How has labor force participation changed over time?
We know that more women participate in the labor force than they used to. However, the trend is not a strictly upward one; in fact, it’s u-shaped. Rather than consistently increasing, female participation in the labor force actually decreased for a period of time before increasing. Goldin discovered that this decrease occurred during the industrial revolution of the early 19th century. Participation didn’t start increasing again until the expansion of the service sector in the early 20th century. This is because, rather than manual labor, firms saw a need for more clerical work. Unlike manual labor, this type of work required a higher level of education, resulting in a subsequent increase in women’s education levels. In addition to the changing needs of firms, the invention of household technology like washing machines and refrigerators allowed more women to attend school and join the workforce. Goldin’s research showed that the introduction of the birth control pill in 1950 also played a significant role in the rise of women in the labor force, giving women more control over their lives and a better ability to plan their careers. This newfound control also contributed to more women pursuing higher education.
What were the barriers to increased female labor force participation?
Although these important milestones gave women the ability to pursue higher education and plan long-term careers, many women didn’t; AP News notes that progress was slowed by societal norms and expectations. Goldin’s paper published by the American Economic Association study explains that women who grew up in the 1950s didn’t expect long careers, instead expecting that they would work only until they had children, at which point their husband would become the primary provider. This led women to sometimes cut their education short. Once women’s expectations and societal norms as a whole began to change, more of them began pursuing higher education and participating in the labor force. The contraceptive pill also didn’t have an immediate effect. Claudia Goldin’s paper published by the National Bureau of Economic Research suggests that, although introduced in 1950, it didn’t produce a significant effect on the labor market until the late 1960s, when the laws restricting its availability to single women were removed. Goldin’s research maps the way that the introduction of birth control, the changing needs of firms, and advancements in household technology combined with changing norms and expectations to drive a steady increase in women labor force participation from the 1950s until the mid 1990s.

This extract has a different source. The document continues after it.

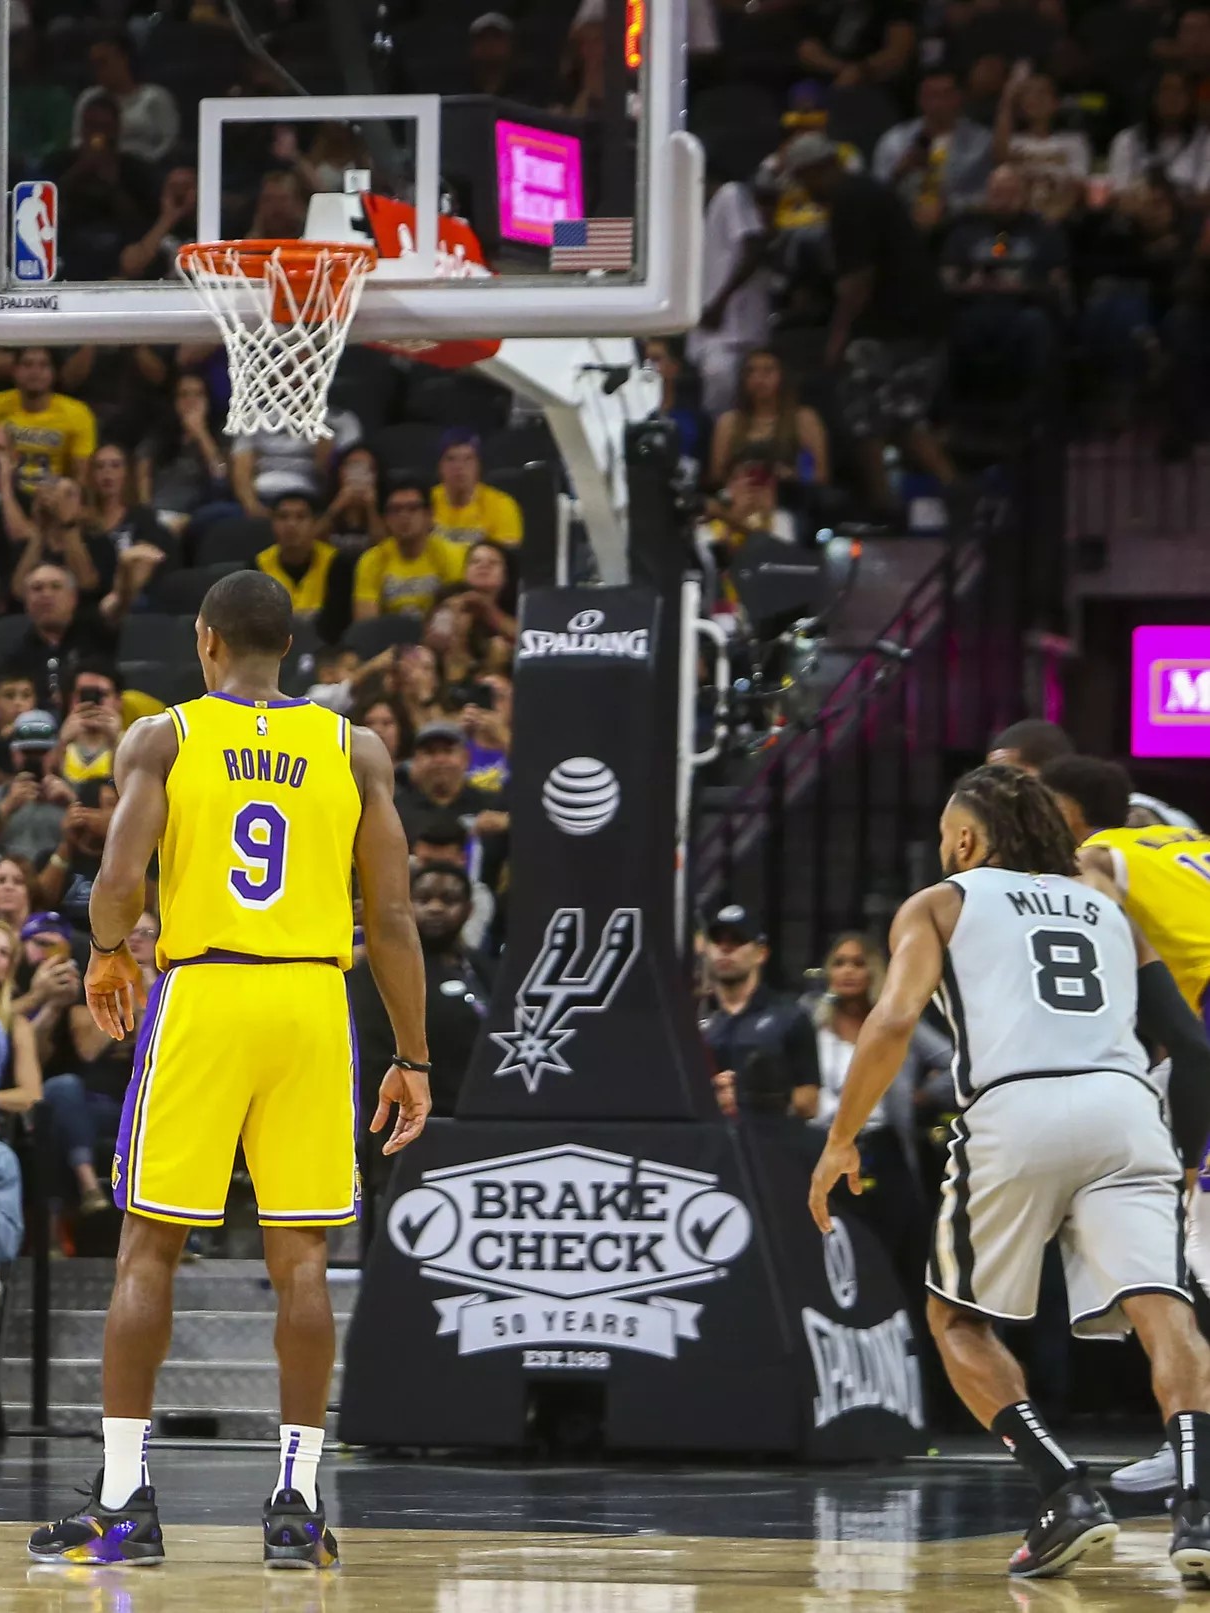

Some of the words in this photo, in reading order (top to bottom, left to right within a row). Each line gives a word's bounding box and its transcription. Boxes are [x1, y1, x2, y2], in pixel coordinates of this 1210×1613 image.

How has the gender wage gap changed over time?
Goldin’s research also centers around the gender wage gap. Similar to the improvements in labor force participation rates, the gender wage gap shrunk from 1890 to 1930 as the service sector expanded and women played an increasing role in clerical positions. The Royal Swedish Academy of Sciences highlights Goldin’s findings; although increased education, birth control, and changing expectations increased labor force participation beginning in the 1950s, the wage gap didn’t shrink as these factors changed. In fact, progress in reducing the wage gap stalled from 1930 to 1980. So, what changed in the ‘80s? Goldin attributes the change to a shift in attitudes. In the past, wage gaps could be blamed on differences in education and the jobs men and women chose to work. In short, it was an issue of mindset. Women saw themselves as secondary earners. Even though more of them were entering the workforce, they weren’t approaching their careers in the same way that men did. Expectations changed during what Goldin calls the “Quiet Revolution” of the 1970s, detailed in her paper published by the American Economics Association. Women began viewing their careers as part of their identity. They imagined themselves working, even after marriage. This was measured by the National Longitudinal Survey (NLS) of Young Women and the NLS of Youth, which gathered data as to how long young women expected to be in the labor force. By the 1980s, this turning point in mindset had caused the wage gap to start significantly shrinking for the first time in 50 years.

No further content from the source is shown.